## [DESCRIPTION OF THE TASK]
Write out every record below exactly as given. Leave the pictures out.

[Annotated photo localization data]
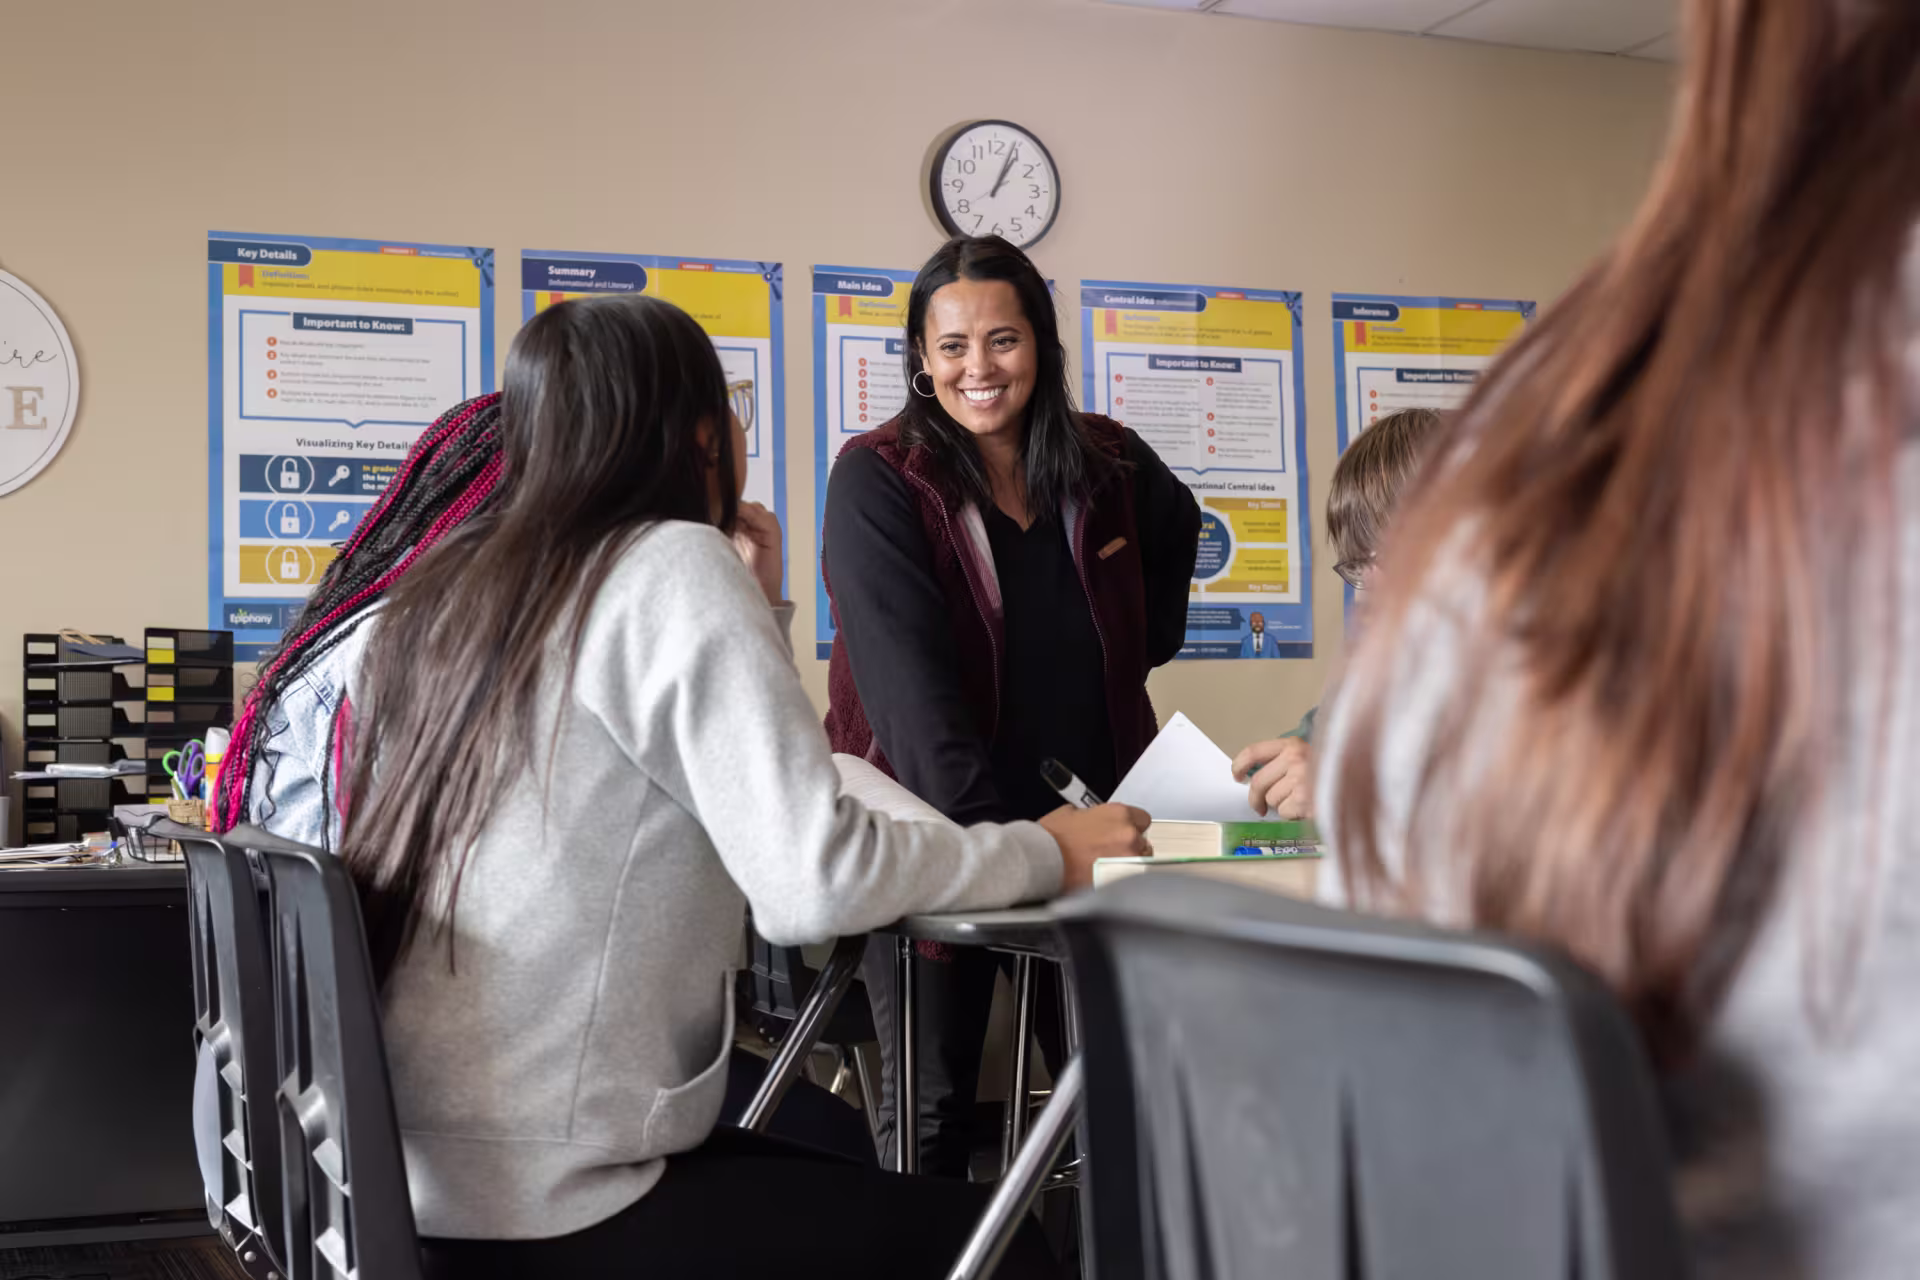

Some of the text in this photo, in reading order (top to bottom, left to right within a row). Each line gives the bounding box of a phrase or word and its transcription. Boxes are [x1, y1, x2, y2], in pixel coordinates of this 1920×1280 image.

[972, 145, 984, 160] 11
[987, 140, 1006, 156] 12
[957, 160, 976, 175] 10
[1022, 164, 1034, 179] 2
[951, 179, 964, 193] 9
[1028, 184, 1041, 199] 3
[957, 199, 970, 214] 8
[1024, 204, 1036, 219] 4
[973, 214, 984, 229] 7
[1010, 217, 1023, 232] 5
[991, 222, 1004, 237] 6
[237, 247, 297, 261] Key Details
[547, 265, 596, 279] Summary
[837, 280, 882, 292] Main Idea
[1104, 295, 1136, 305] Central
[1136, 295, 1155, 305] Idea
[303, 316, 406, 332] Important to Know:
[1155, 357, 1236, 370] Important to Know:
[296, 438, 354, 450] Visualizing
[356, 440, 375, 451] Key
[1227, 482, 1257, 491] Central
[1257, 483, 1276, 492] Idea
[229, 612, 272, 625] Epiphany
[1274, 846, 1298, 855] EXPO

## [SOLUTION FOR THIS PROBLEM]
Some of the text in this photo, in reading order (top to bottom, left to right within a row). Each line gives the bounding box of a phrase or word and its transcription. Boxes are [x1, y1, x2, y2], in pixel coordinates of this 1920×1280 image.

[972, 145, 984, 160] 11
[987, 140, 1006, 156] 12
[957, 160, 976, 175] 10
[1022, 164, 1034, 179] 2
[951, 179, 964, 193] 9
[1028, 184, 1041, 199] 3
[957, 199, 970, 214] 8
[1024, 204, 1036, 219] 4
[973, 214, 984, 229] 7
[1010, 217, 1023, 232] 5
[991, 222, 1004, 237] 6
[237, 247, 297, 261] Key Details
[547, 265, 596, 279] Summary
[837, 280, 882, 292] Main Idea
[1104, 295, 1136, 305] Central
[1136, 295, 1155, 305] Idea
[303, 316, 406, 332] Important to Know:
[1155, 357, 1236, 370] Important to Know:
[296, 438, 354, 450] Visualizing
[356, 440, 375, 451] Key
[1227, 482, 1257, 491] Central
[1257, 483, 1276, 492] Idea
[229, 612, 272, 625] Epiphany
[1274, 846, 1298, 855] EXPO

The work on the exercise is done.